Data for processing:
════

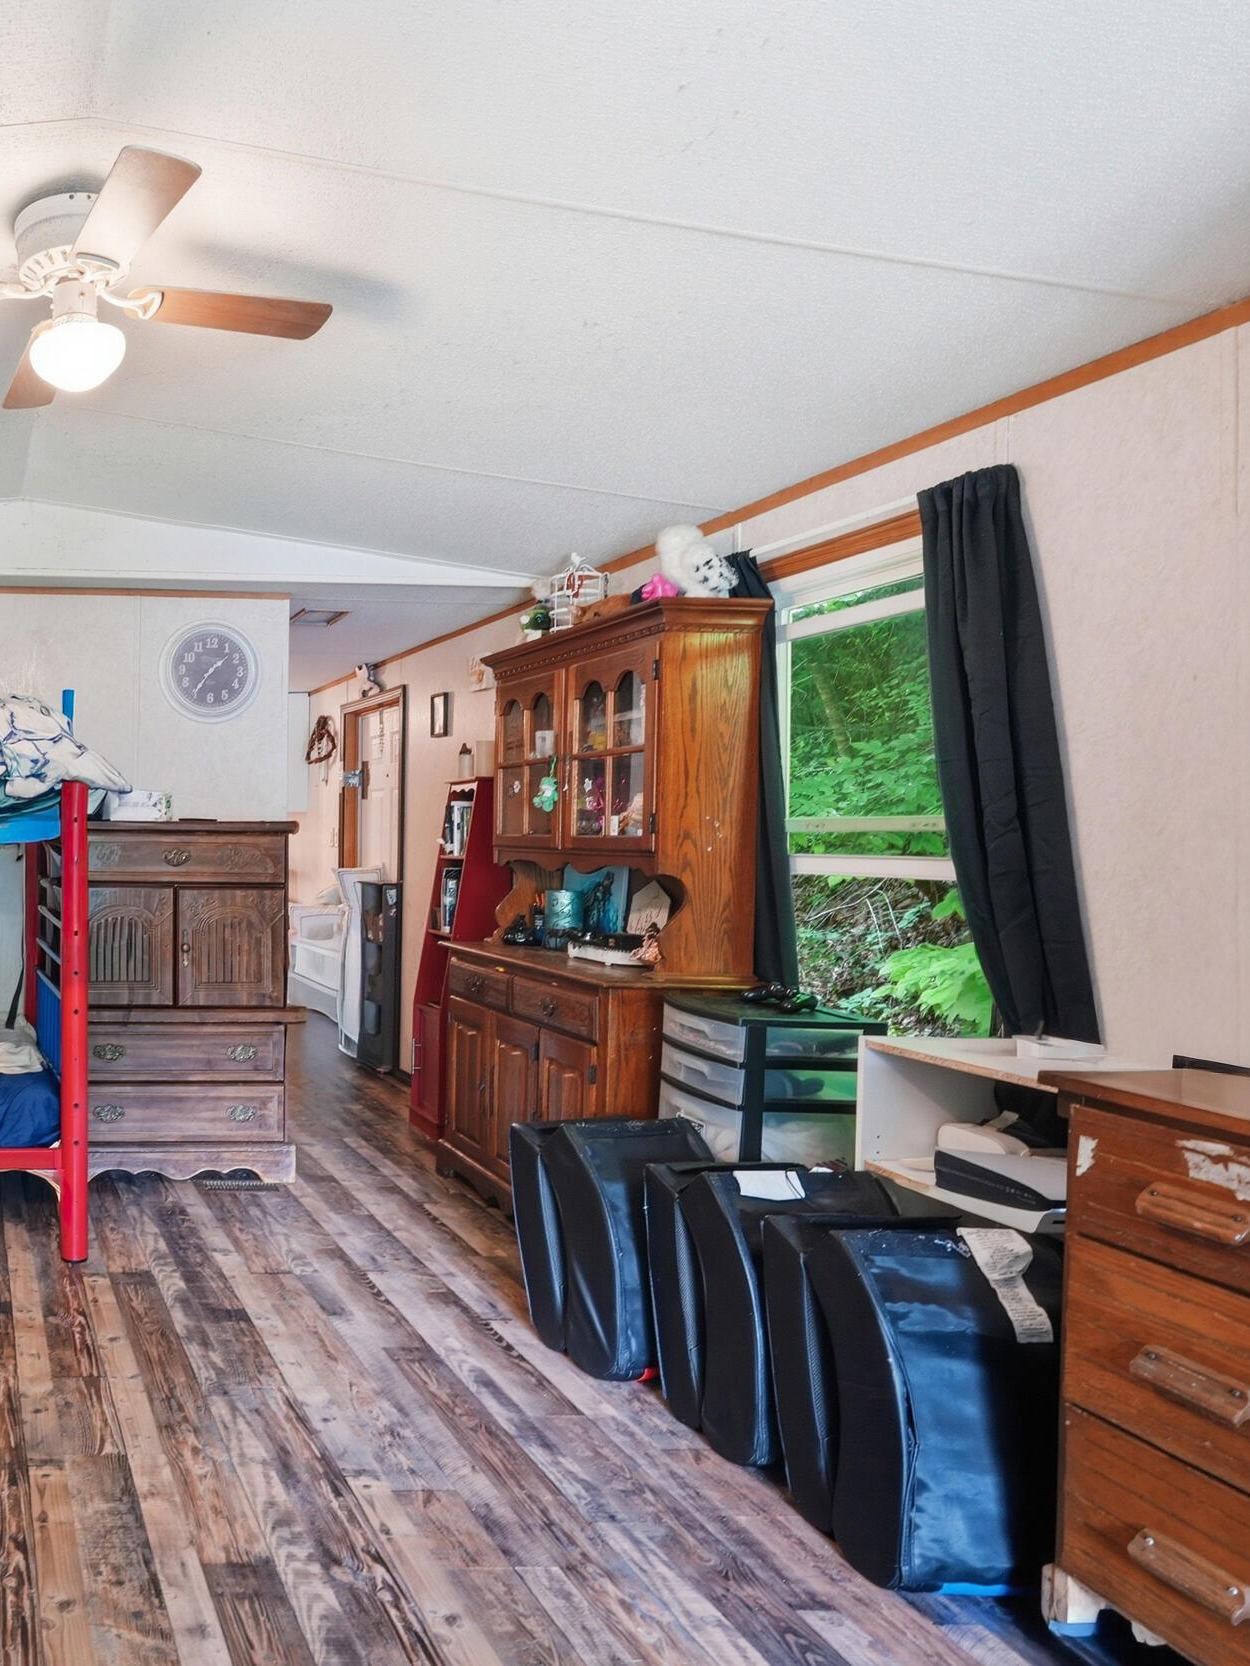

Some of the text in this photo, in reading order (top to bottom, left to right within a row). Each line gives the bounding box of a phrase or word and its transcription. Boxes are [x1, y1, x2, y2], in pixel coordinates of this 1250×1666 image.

[194, 642, 203, 652] 11
[206, 638, 218, 648] 12
[224, 643, 230, 653] 1
[183, 652, 195, 663] 10
[232, 653, 239, 663] 2
[179, 664, 185, 675] 9
[237, 666, 243, 677] 3
[182, 677, 189, 687] 8
[232, 679, 238, 689] 4
[207, 693, 213, 703] 6
[221, 690, 228, 700] 5
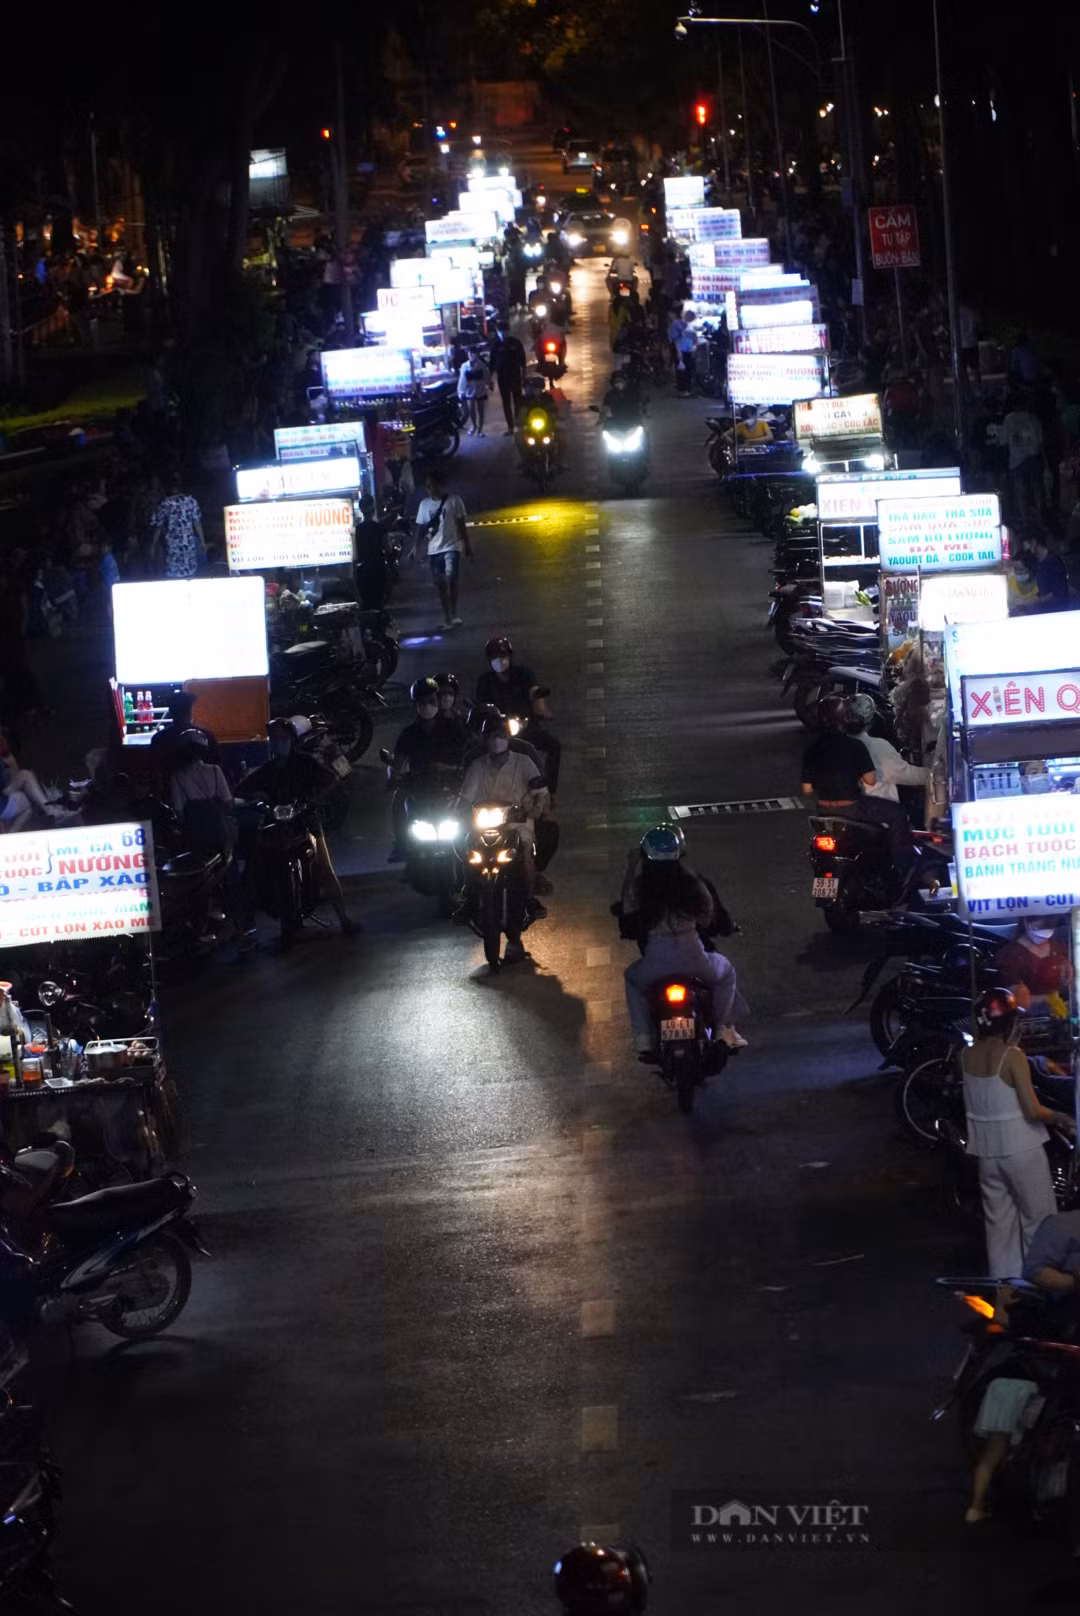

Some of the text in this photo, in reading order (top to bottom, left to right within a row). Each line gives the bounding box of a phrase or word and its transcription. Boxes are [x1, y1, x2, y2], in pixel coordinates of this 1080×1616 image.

[888, 555, 922, 566] YAOURT
[949, 552, 974, 562] COOK
[977, 550, 997, 561] TAIL
[121, 828, 146, 847] 68
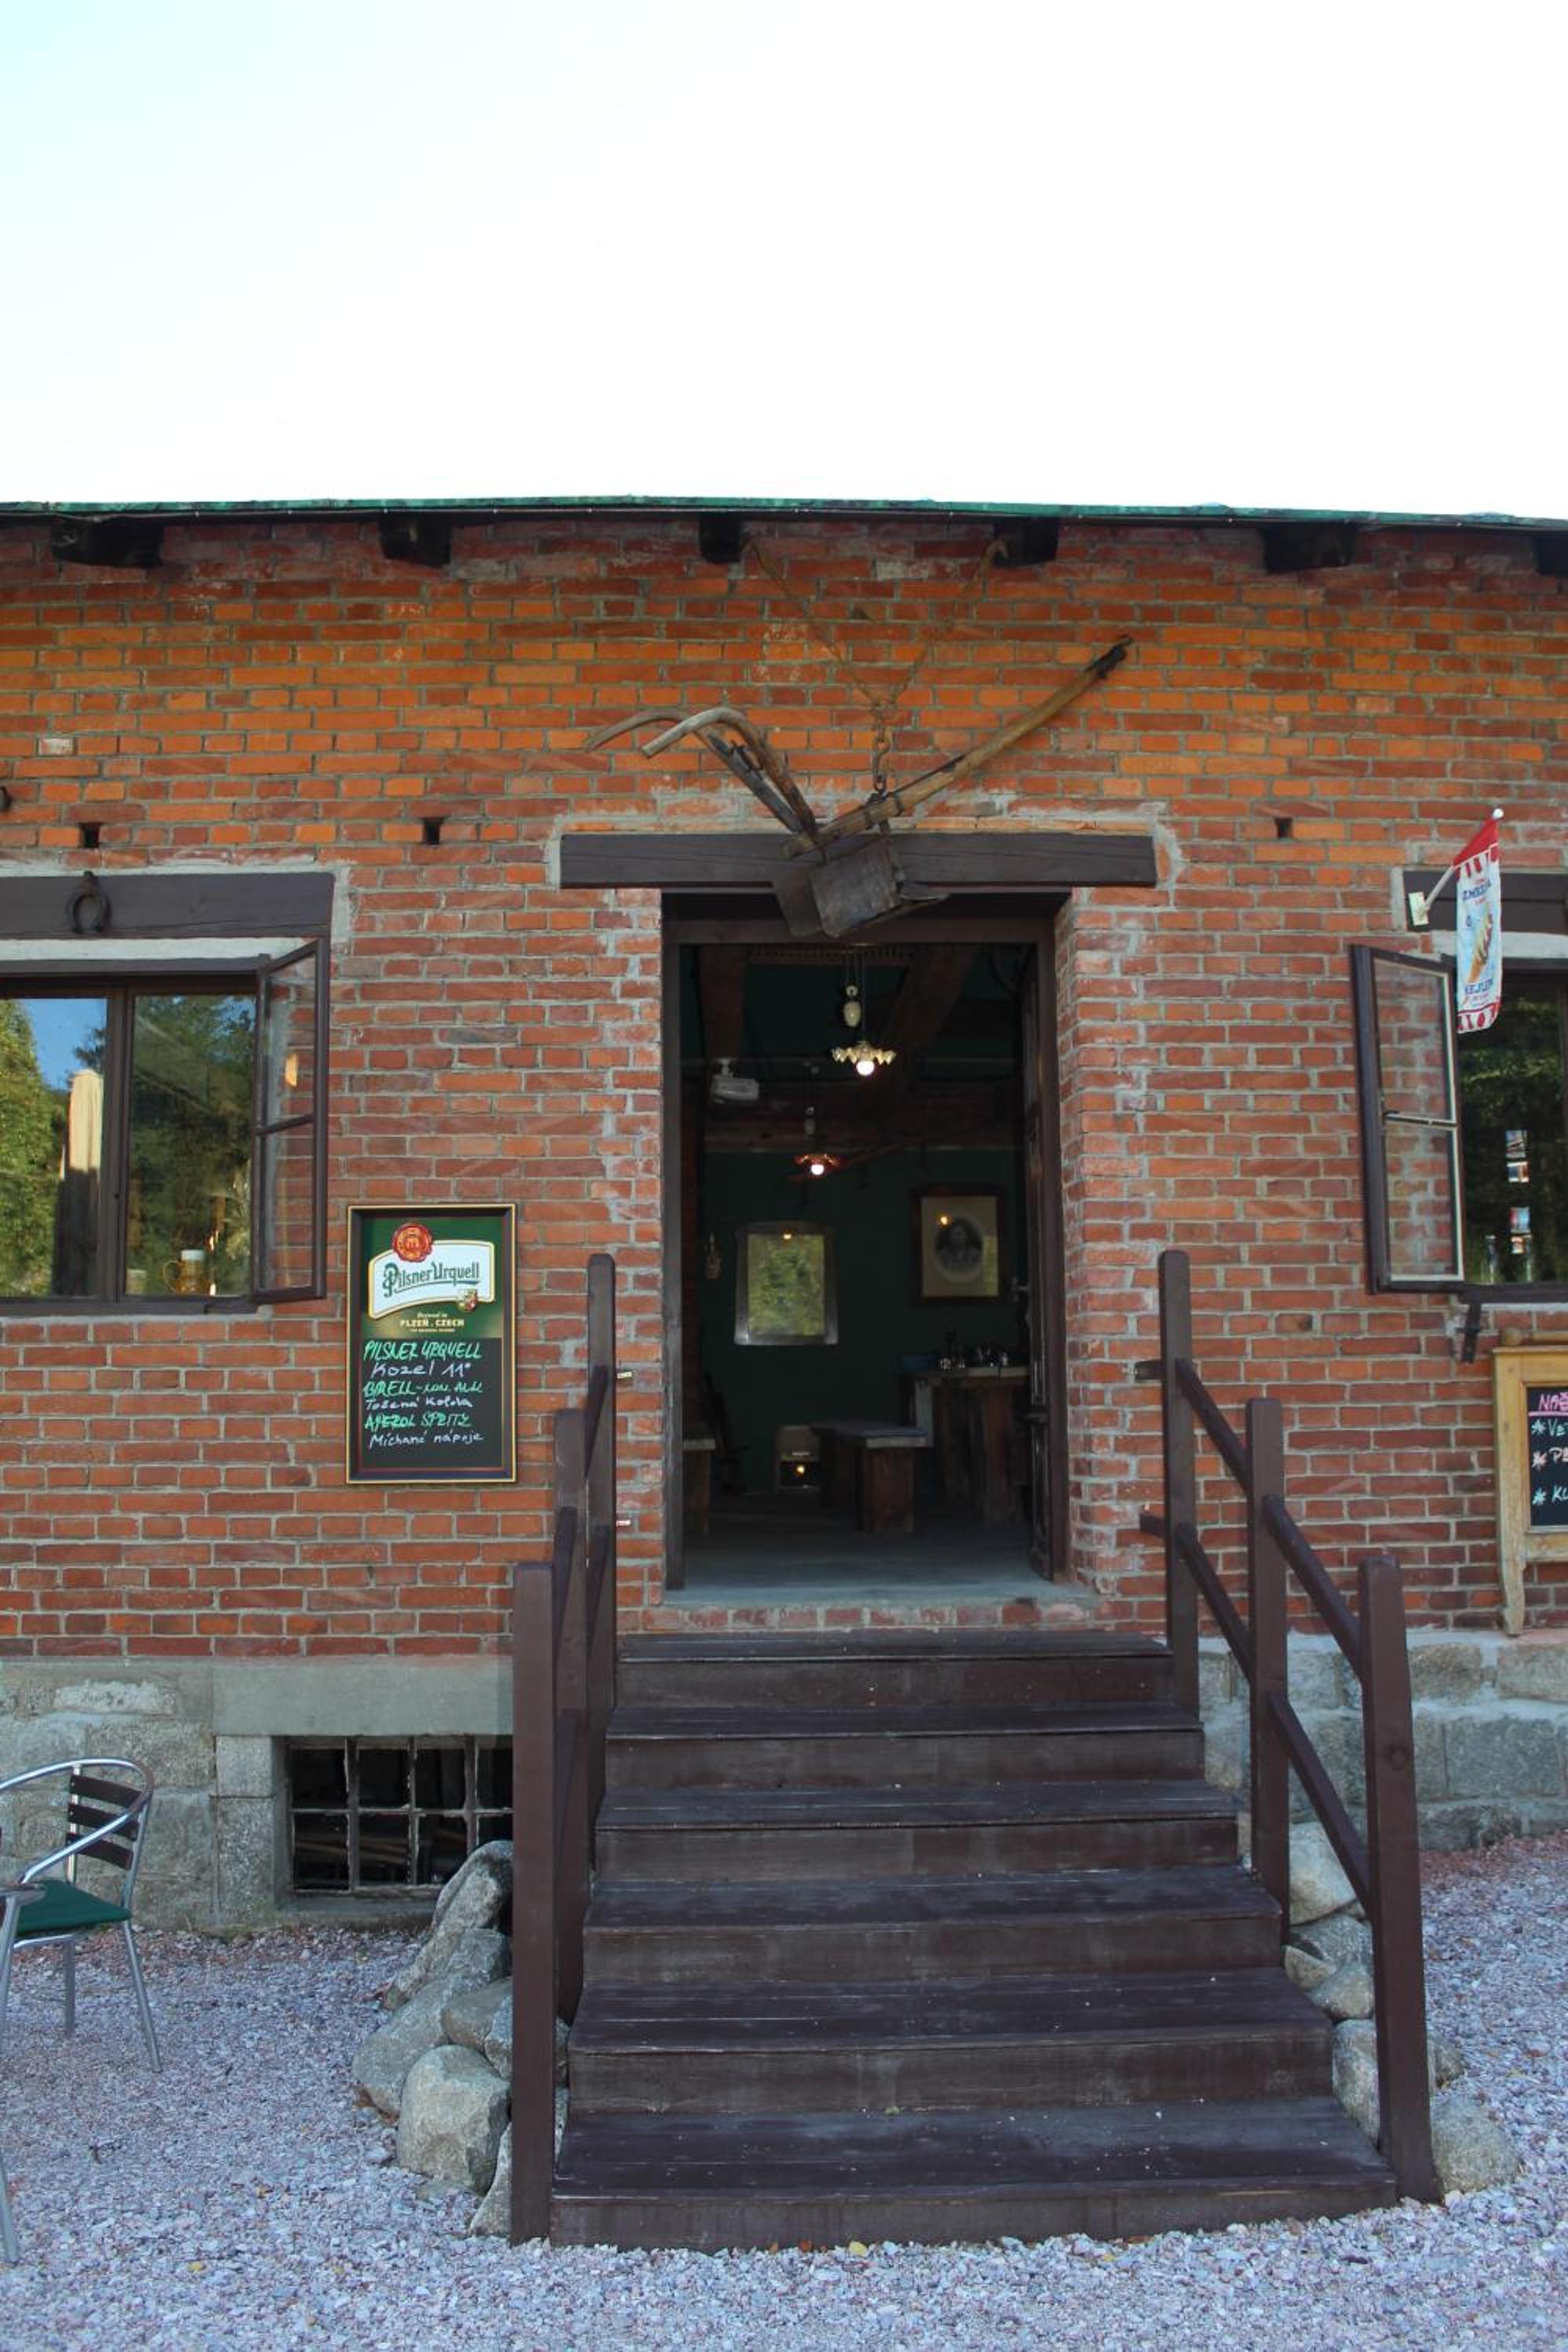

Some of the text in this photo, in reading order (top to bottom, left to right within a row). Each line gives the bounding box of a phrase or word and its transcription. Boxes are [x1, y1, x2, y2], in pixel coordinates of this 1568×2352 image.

[383, 1261, 480, 1298] Pilsner Urquell
[364, 1339, 483, 1361] PILSNER URQUELL
[371, 1360, 434, 1378] Kozel

════

Aim of the task: An exact transcription is requested of each line from the one that holds "this 1080×1616 image." to the end of the listing above, both boundary lines included; pictures are to be omitted.

Exercise output:
Some of the text in this photo, in reading order (top to bottom, left to right within a row). Each line gives the bounding box of a phrase or word and its transcription. Boxes are [x1, y1, x2, y2], in pixel coordinates of this 1080×1616 image.

[888, 555, 922, 566] YAOURT
[949, 552, 974, 562] COOK
[977, 550, 997, 561] TAIL
[121, 828, 146, 847] 68

Some of the text in this photo, in reading order (top to bottom, left to right within a row). Each line gives the bounding box of a phrase or word and its transcription. Boxes are [x1, y1, x2, y2], in pixel coordinates of this 1568×2352 image.

[383, 1261, 480, 1298] Pilsner Urquell
[364, 1339, 483, 1361] PILSNER URQUELL
[371, 1360, 434, 1378] Kozel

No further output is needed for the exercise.